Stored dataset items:
• • •

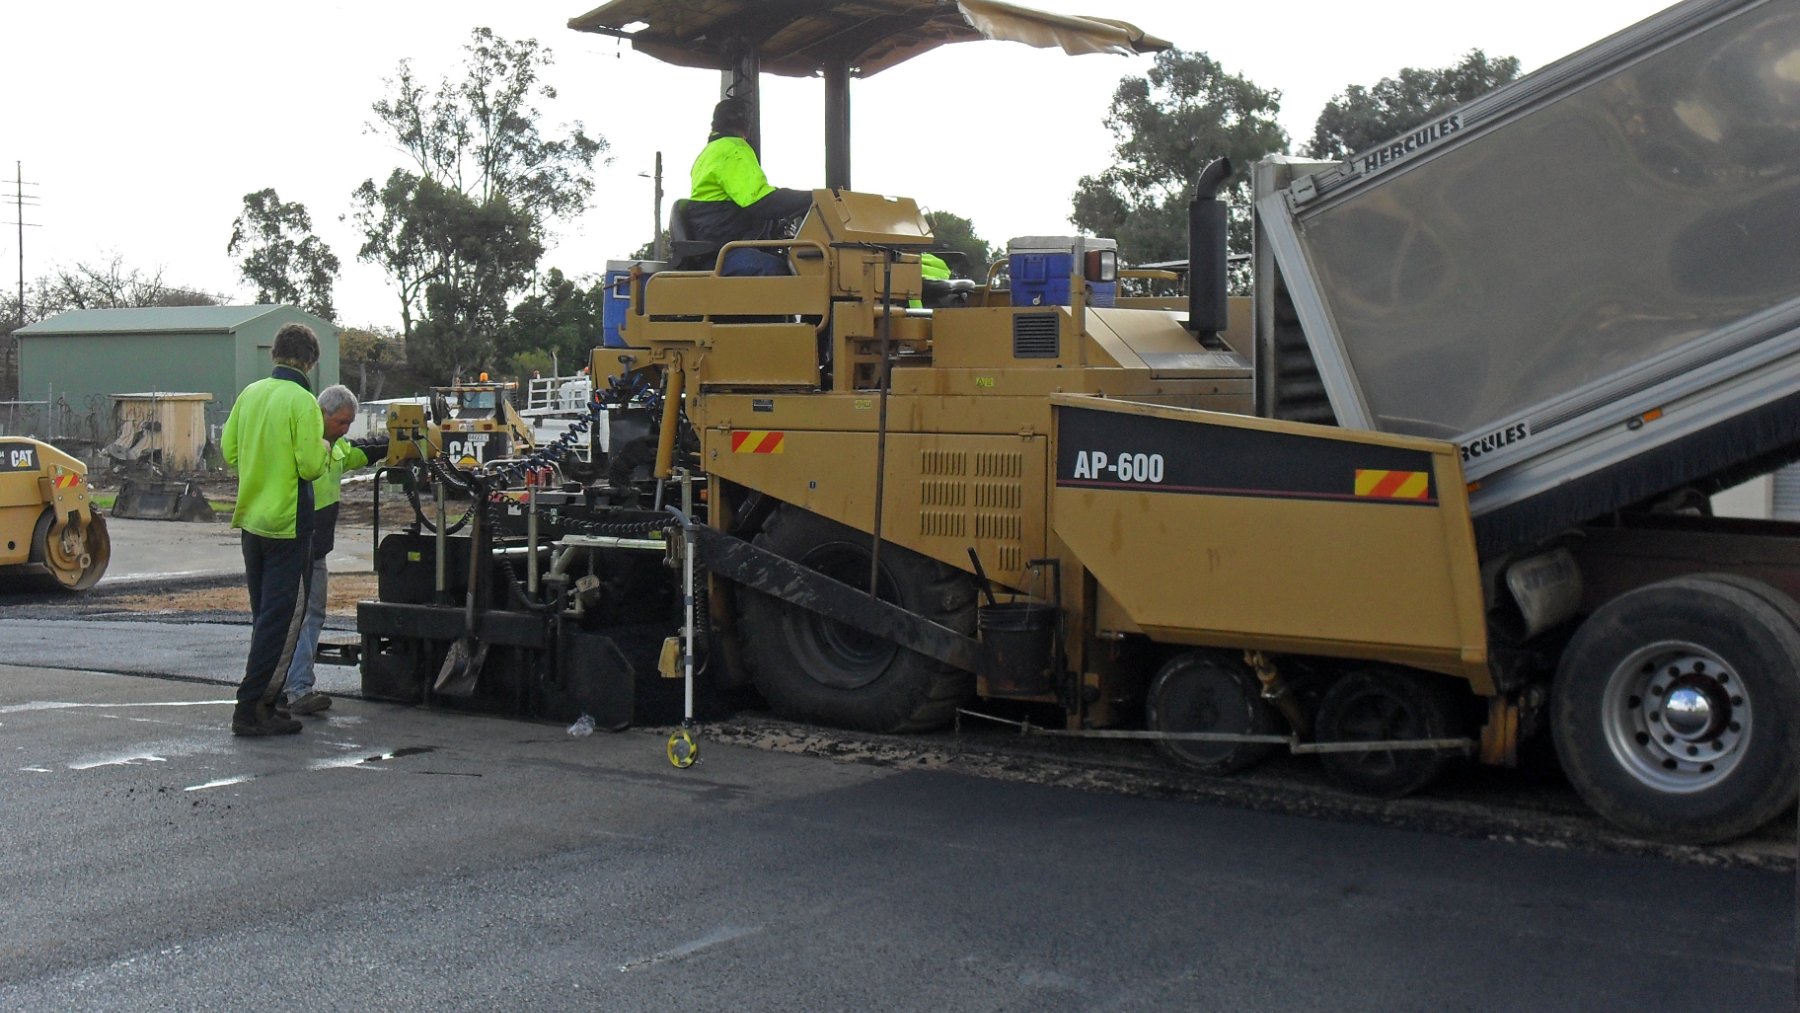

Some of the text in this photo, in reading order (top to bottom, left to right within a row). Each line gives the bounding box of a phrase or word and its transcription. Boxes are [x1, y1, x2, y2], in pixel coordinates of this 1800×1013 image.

[1364, 115, 1460, 174] HERCULES
[11, 449, 33, 467] CAT
[449, 440, 486, 464] CAT
[1073, 450, 1164, 483] AP-600
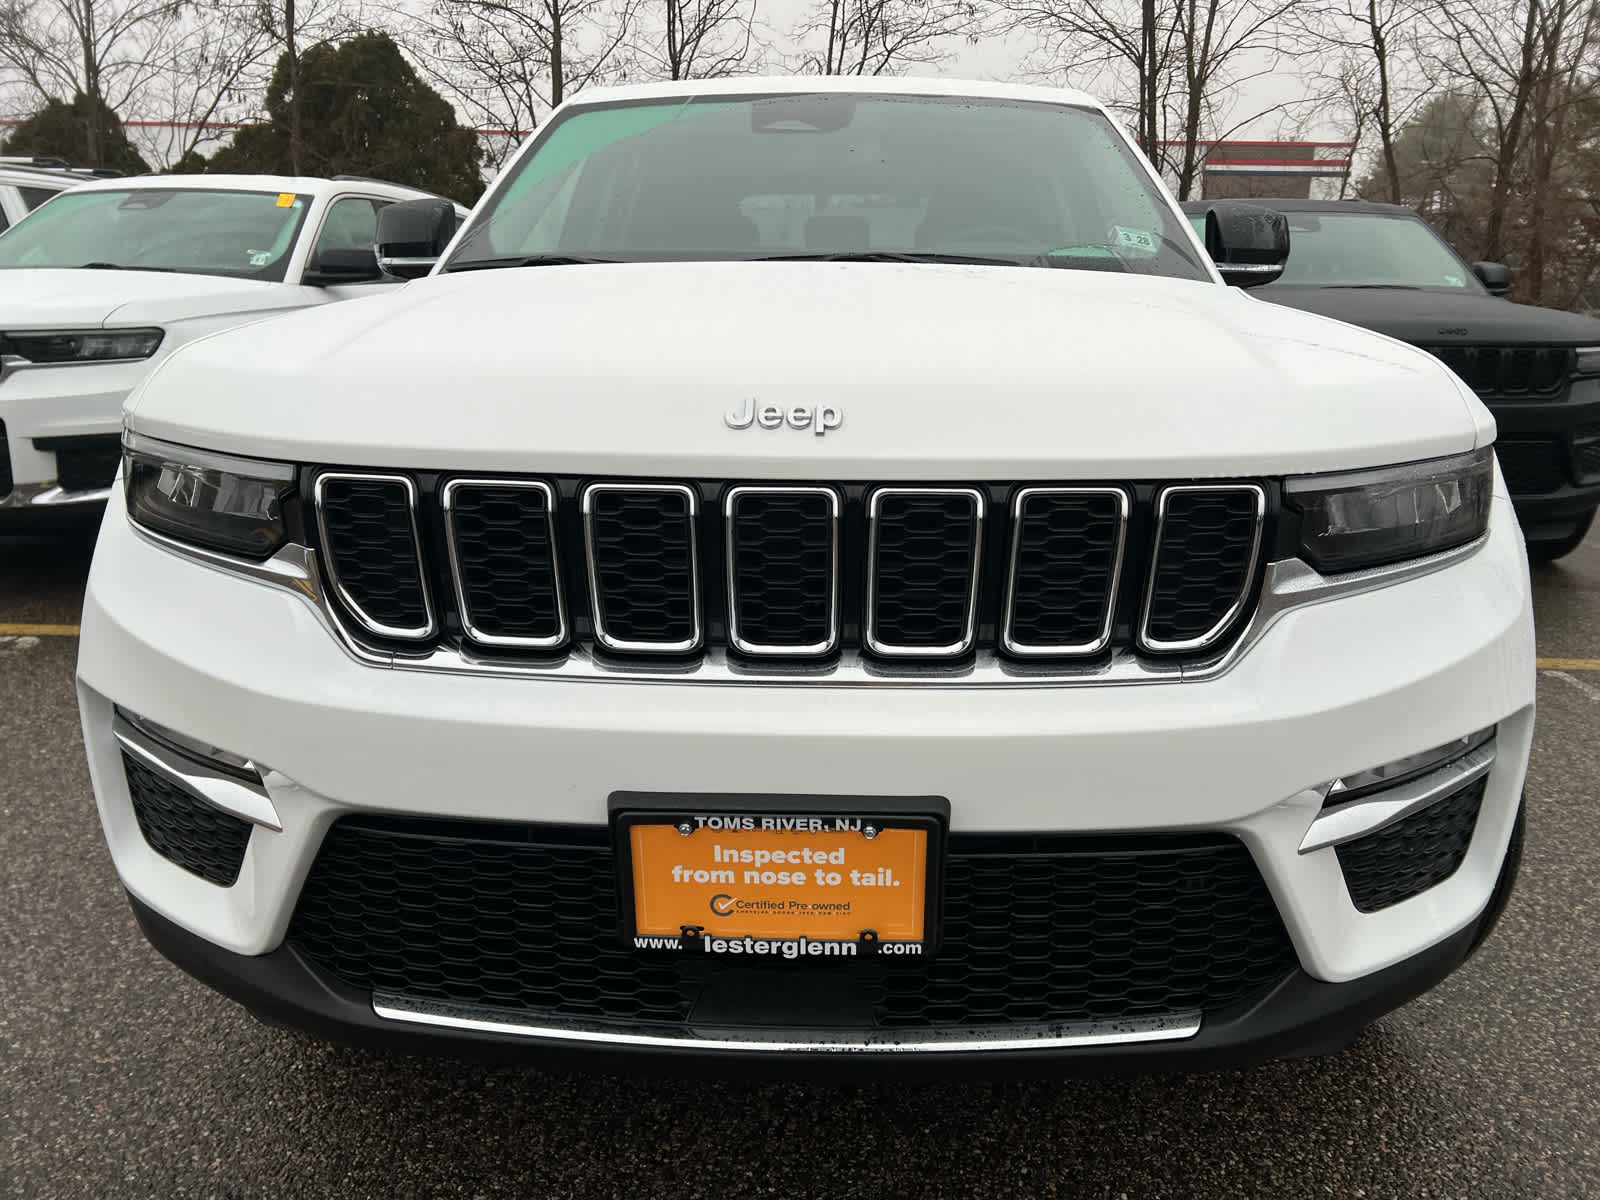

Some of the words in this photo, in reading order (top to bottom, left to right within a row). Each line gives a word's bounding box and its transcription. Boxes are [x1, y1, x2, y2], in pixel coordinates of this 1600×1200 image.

• • •

→ WHAT TO WORK ON: With the images left out, set down every entry exactly.

→ ANSWER TO THIS EXERCISE:
Some of the text in this photo, in reading order (top to bottom, left to right within a row). Each line gives the bounding box of a phrase or word and its transcription. Boxes are [x1, y1, x2, y2], in pixel coordinates of this 1800×1013 image.

[1364, 115, 1460, 174] HERCULES
[11, 449, 33, 467] CAT
[449, 440, 486, 464] CAT
[1073, 450, 1164, 483] AP-600

Some of the words in this photo, in reading order (top to bottom, left to right within a row). Each line gives a word's bounding box and its transcription. Boxes are [x1, y1, x2, y2], in pixel coordinates of this 1600×1200 image.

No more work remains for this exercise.